What you should do: Set down the entries below exactly; drop the pictures.

**** Information provided ****

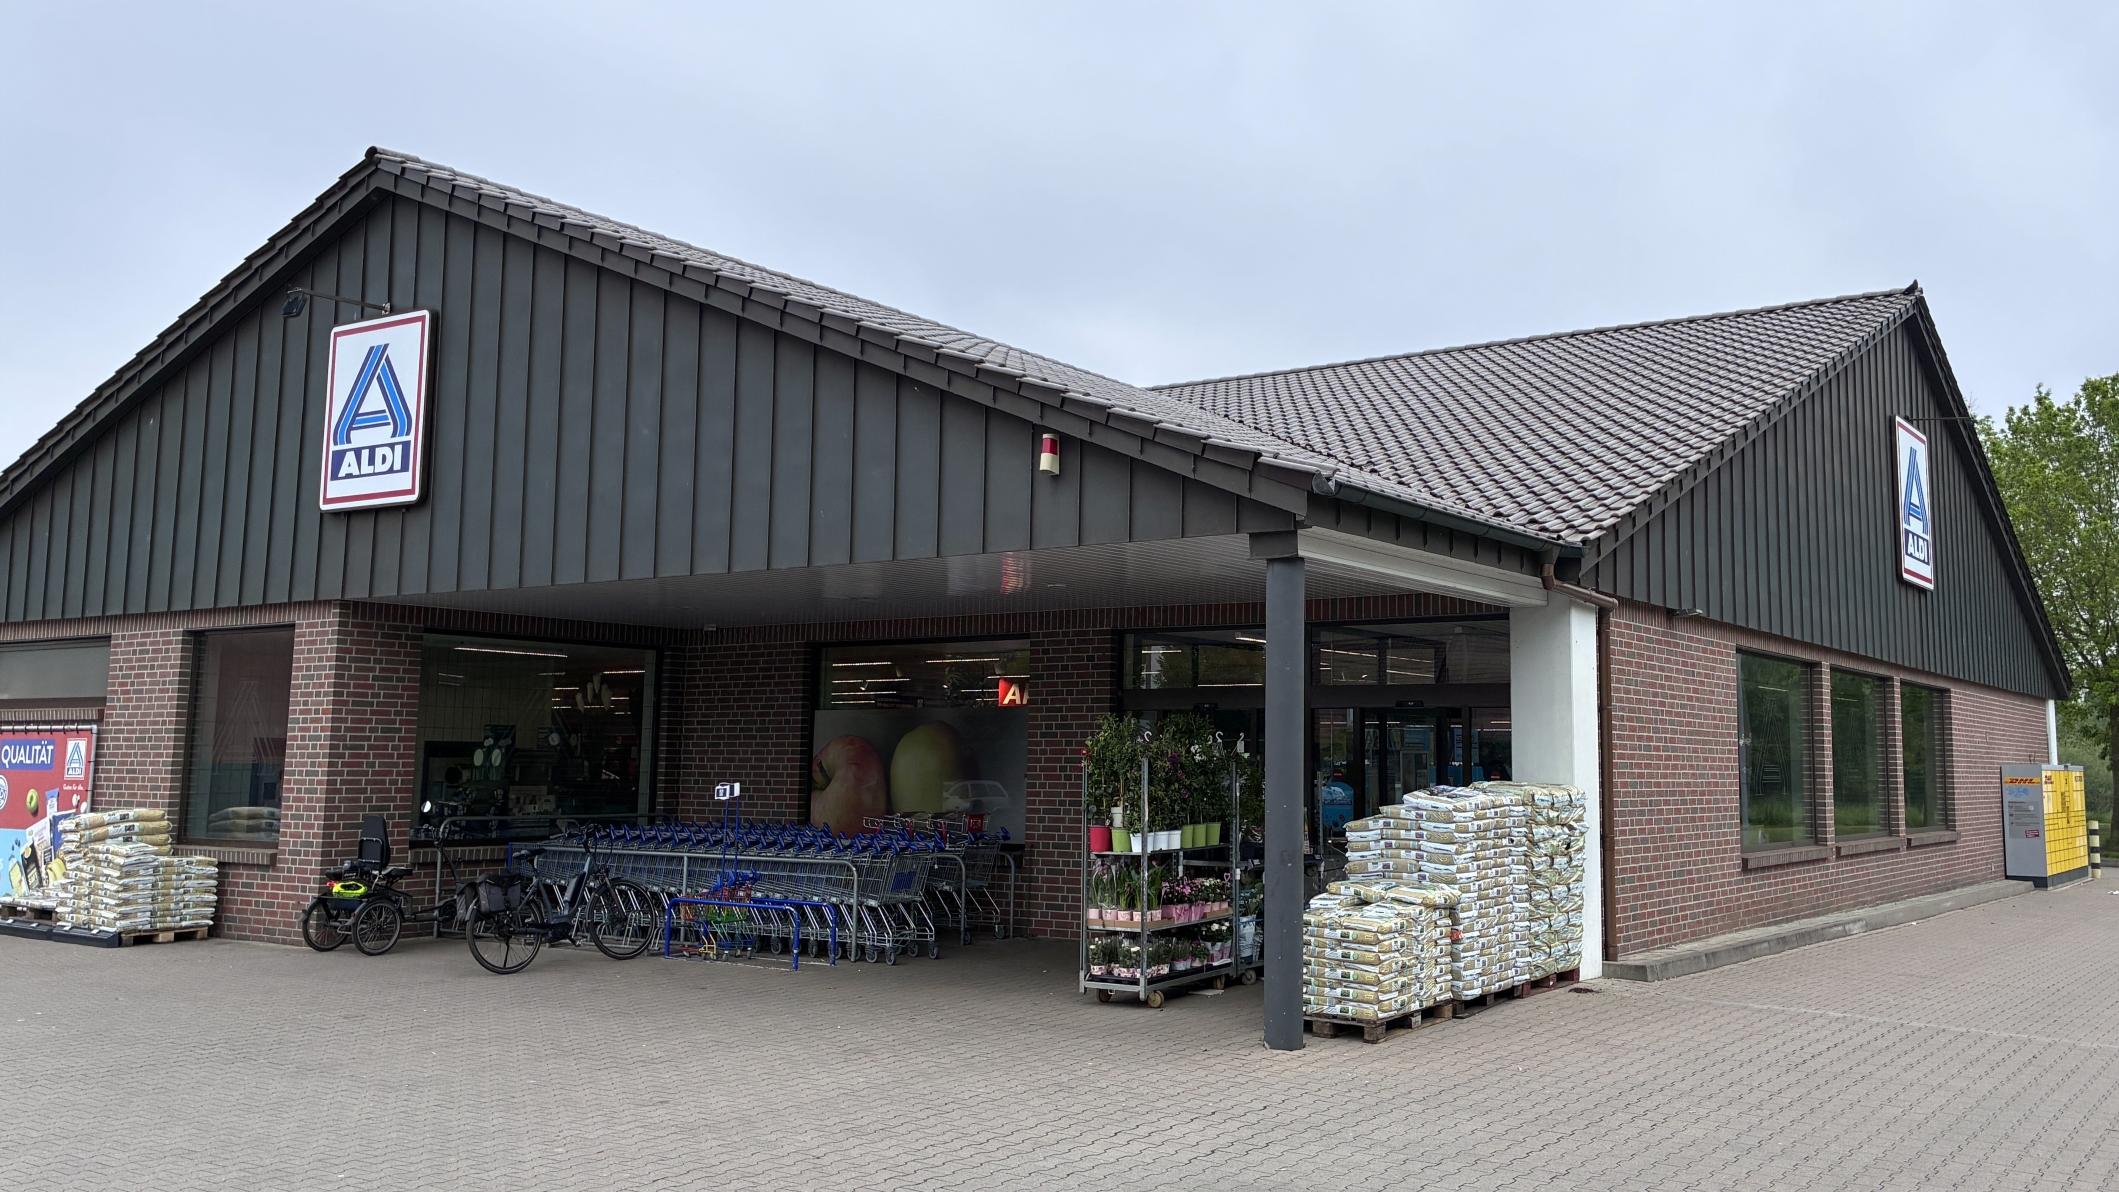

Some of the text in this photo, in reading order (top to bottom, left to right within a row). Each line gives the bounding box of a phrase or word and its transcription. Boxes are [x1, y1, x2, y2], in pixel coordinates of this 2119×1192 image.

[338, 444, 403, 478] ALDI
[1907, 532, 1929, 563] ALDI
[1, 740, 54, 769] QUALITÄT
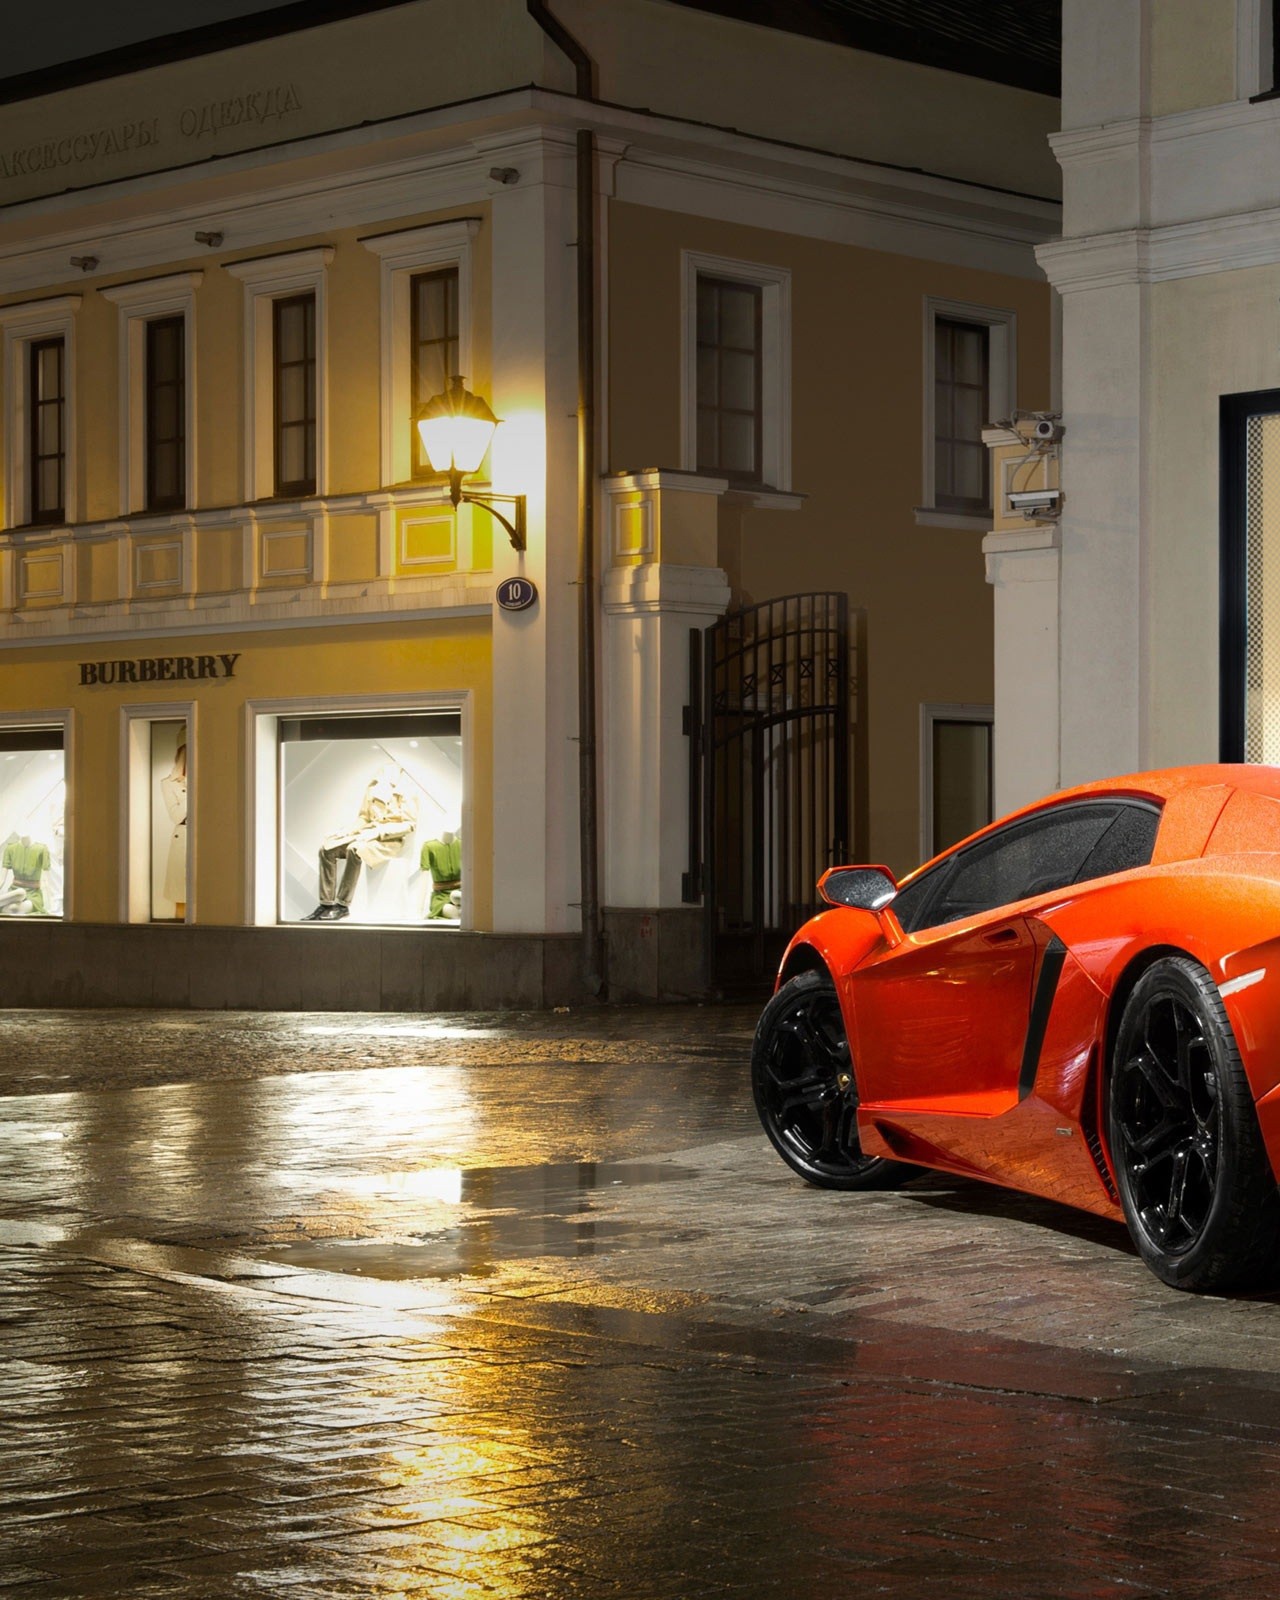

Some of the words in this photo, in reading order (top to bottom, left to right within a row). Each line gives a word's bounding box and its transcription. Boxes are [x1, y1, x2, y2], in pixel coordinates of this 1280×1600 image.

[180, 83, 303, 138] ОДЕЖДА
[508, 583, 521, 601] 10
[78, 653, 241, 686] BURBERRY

****

Problem solution:
Some of the text in this photo, in reading order (top to bottom, left to right within a row). Each line gives the bounding box of a phrase or word and its transcription. Boxes are [x1, y1, x2, y2], in pixel coordinates of this 2119×1192 image.

[338, 444, 403, 478] ALDI
[1907, 532, 1929, 563] ALDI
[1, 740, 54, 769] QUALITÄT

Some of the words in this photo, in reading order (top to bottom, left to right within a row). Each line gives a word's bounding box and its transcription. Boxes are [x1, y1, x2, y2], in pixel coordinates of this 1280×1600 image.

[180, 83, 303, 138] ОДЕЖДА
[508, 583, 521, 601] 10
[78, 653, 241, 686] BURBERRY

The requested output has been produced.